Recently, a complicated SQL statement was executed, and a pile of small files appeared during file output:
To sum up a sentence for merging small files, we can conclude that the number of files is too large, increasing the pressure on namenode. Because the metadata information of each file exists in namenode. Therefore, we need to reduce the volume of small files.
At the same time, it also reduces the number of maps processed by the next program and starts the same number of maps as small files. Increase the JVM pressure.
Control the final file size of hive from two aspects:
(1) control the file size from the data, that is, control the number of maps:
Because mapreduce cannot directly control the number of maps, you can set the data volume processed in each map. Reduce can be set directly.
Set mapred parameter for controlling map and reduce. max. split. size = 256000000; -- determines the maximum file size processed by each map, in bset mapred. min. split. size. per. node = 1024000000; -- the smallest file size that can be processed in the node
Set mapred. Min. Split. Size. Per. Rack = 1024000000; -- Minimum File size that can be processed in the rack
Set hive. Input. format = org. Apache. hadoop. hive. QL. Io. combinehiveinputformat
The preceding three parameters are the file size split by map. This cannot be adjusted through parameters, which can be dynamically set. The second parameter is to merge the files on a node and set the size of a map. The third parameter is to merge the files on each rack.

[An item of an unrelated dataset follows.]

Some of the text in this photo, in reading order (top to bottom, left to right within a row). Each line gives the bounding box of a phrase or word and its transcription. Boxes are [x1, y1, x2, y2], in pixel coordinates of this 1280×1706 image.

The order of the three parameters is as follows:
Mapred. Max. Split. Size <= mapred. Min. Split. Size. Per. node <= mapred. Min. Split. Size. Per. Rack
(2) The number of maps is controlled through the above parameters. However, this only controls the number of maps and does not control the size of data files formed by reduce. Therefore, we need to merge files on the reduce side.
Method 1 Set mapred. reduce. tasks = 10; -- set the number of reduce Methods 2 set hive.exe C. specified CERs. bytes. per. CER = 1073741824 -- the data volume processed by each reduce. The default value is 1 GB.

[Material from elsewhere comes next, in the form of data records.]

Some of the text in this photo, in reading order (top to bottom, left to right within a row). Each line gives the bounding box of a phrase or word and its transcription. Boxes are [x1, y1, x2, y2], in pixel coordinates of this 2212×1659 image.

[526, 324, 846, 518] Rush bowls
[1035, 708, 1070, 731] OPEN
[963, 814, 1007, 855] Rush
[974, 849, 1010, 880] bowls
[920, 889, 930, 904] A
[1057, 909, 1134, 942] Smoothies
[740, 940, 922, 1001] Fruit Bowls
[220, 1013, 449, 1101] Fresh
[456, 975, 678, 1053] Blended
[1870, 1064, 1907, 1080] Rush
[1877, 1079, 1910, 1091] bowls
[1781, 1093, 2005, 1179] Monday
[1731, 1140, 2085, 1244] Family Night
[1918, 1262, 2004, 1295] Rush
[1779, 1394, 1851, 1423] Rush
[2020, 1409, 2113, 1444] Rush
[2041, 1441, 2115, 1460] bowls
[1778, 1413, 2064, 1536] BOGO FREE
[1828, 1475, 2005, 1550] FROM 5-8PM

You can set the number of reduce files to control the number of output files at the reduce end. Alternatively, you can set the file size for data entering the reduce end to control the file size, to control the number of reduce file outputs.
In addition to using the preceding example parameters to control the number of reduce tasks, we also need to control the file size formed at the reduce end, so that small files cannot be used.

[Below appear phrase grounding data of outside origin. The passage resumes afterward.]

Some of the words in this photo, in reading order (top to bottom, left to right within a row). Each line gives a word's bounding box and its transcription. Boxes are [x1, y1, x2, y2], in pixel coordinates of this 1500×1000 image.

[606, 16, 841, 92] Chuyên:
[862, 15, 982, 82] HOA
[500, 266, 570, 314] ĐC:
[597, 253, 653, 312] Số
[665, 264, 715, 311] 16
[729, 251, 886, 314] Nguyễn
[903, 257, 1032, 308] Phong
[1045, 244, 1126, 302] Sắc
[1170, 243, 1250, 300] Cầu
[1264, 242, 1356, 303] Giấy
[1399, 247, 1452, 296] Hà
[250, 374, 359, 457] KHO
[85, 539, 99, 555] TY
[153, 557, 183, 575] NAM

You can merge the map and reduce result files by configuring the following parameters to eliminate these effects.
- Control the file size after a small file is merged for each task (256000000 by default): hive. Merge. Size. Per. Task
- Tell hadoop what files belong to small files (16000000 by default): hive. Merge. smallfiles. avgsize
- Whether to merge map output files (true by default): hive. Merge. mapfiles
- Whether to merge reduce output files (false by default): hive. Merge. mapredfiles
I have done some experiments on the example of the above-free parameters. For the setting of map quantity, you can directly set it through the set method, my experiment is as follows:
Create Table loan_base_copy as select I. * From loan_base C left join loan_special_repayment I on I. loan_id = C. ID
Execute the preceding statement on the hive command line and convert it to a mapreduce task. In this SQL statement, we want to control the file size output at the reduce end. Here I set the size of hive. Merge. smallfiles. avgsize to 256 MB. The default value is 16 Mb.
This statement means that after hive is executed, if the data on the reduce side is smaller than this number, it will be merged and then hive will be based on the given size. merge. size. per. the size of each merge task in a task is the size of the merged file. Here we set it to 512 M.
The execution result and process are as follows:
To merge the entire reduce task, you need to start a job separately and then merge the data. As for the data set here, the file size is 512 MB, and the final file size is not MB. All in all, this is not a small file.
(It must be clarified that only the files generated by the reduce end are smaller than the hive set. merge. smallfiles. only the avgsize file size can be merged. The size of the merged file is hive. merge. size. per. task)
Merge map input data and reduce output data in hive.